We also know that the sensor array has a limiting resolution of maximum:
Nyquist frequency in cycles/mm = 0.5 / senselpitch, e.g. 0.5 / 0.00488 = 102.5 cy/mm
We can therefore calculate the Aperture at which resolution will be totally eliminated by diffraction, and will prevent all aliasing, by reducing contrast to 0% at the Nyquist frequency:
Aperture = (2 x senselpitch) / wavelength, e.g. (2 x 0.00488) / 0.000555 = f/17.6
However, that is only taking diffraction (of a single wavelength) into account. Diffraction, will in practice be combined with the MTFs of residual lens aberrations, a less than perfectly round aperture, defocus (anything not in the thin perfect focus plane), a filterstack with or without AA-filters and a sensor coverglass, and a Bayer CFA pattern that needs to be demosaiced. The diffraction pattern size also changes with focus distance, so the above formula is based on infinity focusing.

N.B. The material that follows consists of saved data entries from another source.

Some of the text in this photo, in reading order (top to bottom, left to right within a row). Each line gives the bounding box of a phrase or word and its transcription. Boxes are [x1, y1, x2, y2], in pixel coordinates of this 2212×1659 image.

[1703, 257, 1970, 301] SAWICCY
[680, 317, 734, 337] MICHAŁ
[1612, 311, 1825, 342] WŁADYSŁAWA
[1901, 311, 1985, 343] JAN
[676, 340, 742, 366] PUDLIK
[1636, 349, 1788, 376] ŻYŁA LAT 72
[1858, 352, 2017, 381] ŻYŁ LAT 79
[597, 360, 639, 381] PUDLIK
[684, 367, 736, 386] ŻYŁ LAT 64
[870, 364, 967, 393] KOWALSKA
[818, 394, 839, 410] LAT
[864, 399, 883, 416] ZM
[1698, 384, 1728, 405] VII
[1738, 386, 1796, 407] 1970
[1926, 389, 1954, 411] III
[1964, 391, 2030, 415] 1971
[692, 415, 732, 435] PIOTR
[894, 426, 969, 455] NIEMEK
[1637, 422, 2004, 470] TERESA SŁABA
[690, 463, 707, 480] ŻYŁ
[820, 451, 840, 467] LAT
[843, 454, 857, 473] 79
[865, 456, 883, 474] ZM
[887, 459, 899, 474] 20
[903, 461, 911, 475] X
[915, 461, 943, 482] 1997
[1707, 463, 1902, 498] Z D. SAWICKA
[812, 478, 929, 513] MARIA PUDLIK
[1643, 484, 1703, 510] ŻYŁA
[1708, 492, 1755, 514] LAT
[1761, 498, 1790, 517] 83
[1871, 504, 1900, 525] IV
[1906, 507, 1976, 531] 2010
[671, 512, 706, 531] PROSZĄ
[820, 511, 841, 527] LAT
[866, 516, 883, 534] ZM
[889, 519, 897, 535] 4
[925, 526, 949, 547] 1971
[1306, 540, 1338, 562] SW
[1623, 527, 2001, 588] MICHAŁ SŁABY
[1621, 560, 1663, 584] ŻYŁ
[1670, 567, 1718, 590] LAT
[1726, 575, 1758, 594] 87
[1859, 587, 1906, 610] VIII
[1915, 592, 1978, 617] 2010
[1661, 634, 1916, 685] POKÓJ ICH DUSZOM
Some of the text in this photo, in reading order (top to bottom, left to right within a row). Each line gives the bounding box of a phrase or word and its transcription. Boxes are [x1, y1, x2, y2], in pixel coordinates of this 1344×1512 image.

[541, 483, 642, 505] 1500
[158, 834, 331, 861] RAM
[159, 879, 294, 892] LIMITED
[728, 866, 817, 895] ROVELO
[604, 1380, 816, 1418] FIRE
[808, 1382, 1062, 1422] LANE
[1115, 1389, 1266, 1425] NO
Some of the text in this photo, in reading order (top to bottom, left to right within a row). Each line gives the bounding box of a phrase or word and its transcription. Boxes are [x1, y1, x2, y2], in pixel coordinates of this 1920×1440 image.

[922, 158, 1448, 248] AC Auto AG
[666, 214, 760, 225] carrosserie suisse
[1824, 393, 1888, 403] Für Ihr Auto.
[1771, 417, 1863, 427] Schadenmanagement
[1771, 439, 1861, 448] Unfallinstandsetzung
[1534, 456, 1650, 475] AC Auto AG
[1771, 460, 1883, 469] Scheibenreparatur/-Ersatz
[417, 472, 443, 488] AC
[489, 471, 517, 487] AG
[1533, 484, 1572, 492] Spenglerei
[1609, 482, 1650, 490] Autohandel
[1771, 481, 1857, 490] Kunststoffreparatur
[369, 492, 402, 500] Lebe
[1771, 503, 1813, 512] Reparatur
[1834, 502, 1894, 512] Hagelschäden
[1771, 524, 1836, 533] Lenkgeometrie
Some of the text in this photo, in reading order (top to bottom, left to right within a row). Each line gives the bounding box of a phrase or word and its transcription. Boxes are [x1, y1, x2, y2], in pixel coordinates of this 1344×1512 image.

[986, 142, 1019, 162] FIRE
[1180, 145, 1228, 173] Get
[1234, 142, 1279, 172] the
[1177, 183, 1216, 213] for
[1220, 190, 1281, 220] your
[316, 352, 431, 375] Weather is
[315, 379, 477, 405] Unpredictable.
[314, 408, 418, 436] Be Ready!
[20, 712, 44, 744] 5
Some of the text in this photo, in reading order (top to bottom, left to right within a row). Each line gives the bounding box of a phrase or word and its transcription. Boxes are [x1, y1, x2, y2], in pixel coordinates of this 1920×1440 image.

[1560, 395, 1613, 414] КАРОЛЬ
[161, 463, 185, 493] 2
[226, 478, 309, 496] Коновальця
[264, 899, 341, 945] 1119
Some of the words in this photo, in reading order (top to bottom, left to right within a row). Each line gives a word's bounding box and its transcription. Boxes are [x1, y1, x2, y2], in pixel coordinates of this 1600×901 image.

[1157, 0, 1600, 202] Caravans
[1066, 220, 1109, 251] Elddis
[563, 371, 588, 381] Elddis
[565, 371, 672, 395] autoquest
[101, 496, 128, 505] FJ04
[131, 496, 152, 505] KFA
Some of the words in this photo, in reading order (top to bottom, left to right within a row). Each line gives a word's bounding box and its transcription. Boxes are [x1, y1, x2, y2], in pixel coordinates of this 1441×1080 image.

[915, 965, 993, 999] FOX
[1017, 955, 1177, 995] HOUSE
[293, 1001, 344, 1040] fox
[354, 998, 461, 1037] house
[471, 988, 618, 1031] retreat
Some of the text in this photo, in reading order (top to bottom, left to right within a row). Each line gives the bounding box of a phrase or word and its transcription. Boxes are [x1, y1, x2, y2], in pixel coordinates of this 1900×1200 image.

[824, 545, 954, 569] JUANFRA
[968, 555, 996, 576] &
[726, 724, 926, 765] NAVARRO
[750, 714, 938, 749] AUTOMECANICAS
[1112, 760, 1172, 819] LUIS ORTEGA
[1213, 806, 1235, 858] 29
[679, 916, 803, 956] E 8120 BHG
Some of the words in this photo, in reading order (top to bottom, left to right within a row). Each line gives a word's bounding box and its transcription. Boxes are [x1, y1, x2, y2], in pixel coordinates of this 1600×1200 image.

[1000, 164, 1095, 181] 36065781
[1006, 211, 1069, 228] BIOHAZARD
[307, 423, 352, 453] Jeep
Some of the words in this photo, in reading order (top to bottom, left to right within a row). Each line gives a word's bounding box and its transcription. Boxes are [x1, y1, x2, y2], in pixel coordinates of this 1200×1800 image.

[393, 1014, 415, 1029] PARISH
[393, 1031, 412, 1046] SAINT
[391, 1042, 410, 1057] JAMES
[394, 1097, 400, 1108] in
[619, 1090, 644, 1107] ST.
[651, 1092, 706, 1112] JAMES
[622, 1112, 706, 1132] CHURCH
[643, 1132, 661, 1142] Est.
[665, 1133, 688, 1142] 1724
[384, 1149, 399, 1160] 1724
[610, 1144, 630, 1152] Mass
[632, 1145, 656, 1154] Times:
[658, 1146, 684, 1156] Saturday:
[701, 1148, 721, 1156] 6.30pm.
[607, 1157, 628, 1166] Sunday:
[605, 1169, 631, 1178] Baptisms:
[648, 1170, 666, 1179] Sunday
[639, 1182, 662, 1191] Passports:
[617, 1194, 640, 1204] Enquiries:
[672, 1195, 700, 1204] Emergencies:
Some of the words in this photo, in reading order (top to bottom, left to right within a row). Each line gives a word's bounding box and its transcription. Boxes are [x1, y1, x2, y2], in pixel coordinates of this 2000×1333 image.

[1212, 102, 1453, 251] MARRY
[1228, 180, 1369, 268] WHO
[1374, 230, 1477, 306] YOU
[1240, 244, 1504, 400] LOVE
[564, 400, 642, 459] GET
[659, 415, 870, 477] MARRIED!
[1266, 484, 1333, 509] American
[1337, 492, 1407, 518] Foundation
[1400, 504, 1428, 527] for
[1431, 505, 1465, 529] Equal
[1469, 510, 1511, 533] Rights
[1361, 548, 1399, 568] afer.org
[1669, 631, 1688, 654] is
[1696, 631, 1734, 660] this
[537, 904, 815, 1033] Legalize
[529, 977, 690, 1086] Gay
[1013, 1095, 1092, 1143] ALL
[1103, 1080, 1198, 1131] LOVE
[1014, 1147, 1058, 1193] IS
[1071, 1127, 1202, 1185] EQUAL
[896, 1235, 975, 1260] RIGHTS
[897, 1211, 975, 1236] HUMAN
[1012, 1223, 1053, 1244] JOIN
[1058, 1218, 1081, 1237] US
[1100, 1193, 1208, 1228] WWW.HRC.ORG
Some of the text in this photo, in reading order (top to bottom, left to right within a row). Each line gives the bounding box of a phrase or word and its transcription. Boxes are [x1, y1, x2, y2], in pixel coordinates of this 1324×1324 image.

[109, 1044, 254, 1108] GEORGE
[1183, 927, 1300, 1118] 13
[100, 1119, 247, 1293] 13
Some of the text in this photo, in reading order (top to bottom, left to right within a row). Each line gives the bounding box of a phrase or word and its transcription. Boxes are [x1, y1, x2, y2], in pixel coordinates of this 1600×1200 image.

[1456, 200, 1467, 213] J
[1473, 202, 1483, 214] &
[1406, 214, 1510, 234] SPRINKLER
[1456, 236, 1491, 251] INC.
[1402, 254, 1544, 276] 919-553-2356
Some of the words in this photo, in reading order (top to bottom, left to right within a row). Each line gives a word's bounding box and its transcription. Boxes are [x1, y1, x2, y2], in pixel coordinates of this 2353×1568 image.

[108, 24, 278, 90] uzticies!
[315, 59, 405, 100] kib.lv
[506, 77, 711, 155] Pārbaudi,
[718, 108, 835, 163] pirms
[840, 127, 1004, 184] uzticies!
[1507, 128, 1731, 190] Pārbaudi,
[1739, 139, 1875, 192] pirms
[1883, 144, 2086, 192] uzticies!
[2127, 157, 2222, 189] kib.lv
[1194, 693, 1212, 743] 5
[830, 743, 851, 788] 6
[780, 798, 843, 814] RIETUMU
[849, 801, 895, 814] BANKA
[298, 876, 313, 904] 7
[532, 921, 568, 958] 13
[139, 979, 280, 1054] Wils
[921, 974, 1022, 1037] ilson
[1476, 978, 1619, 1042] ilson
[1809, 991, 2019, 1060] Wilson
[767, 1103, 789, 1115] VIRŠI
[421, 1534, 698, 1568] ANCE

So resolution will be totally limited at wider apertures than that for diffraction alone. It is also not simple to calculate, because there are positive and negative wave contributions that will cause interference patterns that may or may not align locally with the sensel grid.
The only thing we do know for certain, is that the absolute diffraction limit to resolution will not be exceeded (if even reached). Instead, the overall image will already deteriorate before that limit is reached by stopping down. It is only high contrast detail that will even theoretically reach that limit, lower contrast features will have lost significant modulation long before that. That's why limiting resolution is often set at lower spatial frequencies, e.g. MTF10 or Nyquist whichever is reached first. It also explains why even lower spatial frequencies, MTF50 are often used to give an overall impression of average performance for comparisons between different systems.
Cheers,
Bart
P.S. Using smaller sampling pitches than can be resolved from a diffraction limited image, still brings a benefit, because the diffraction pattern is not uniform. So smaller sensels allow to more accurately sample the diffraction patterns that are larger than single pixel, and thus allow more accurate deconvolution restoration of the original signal.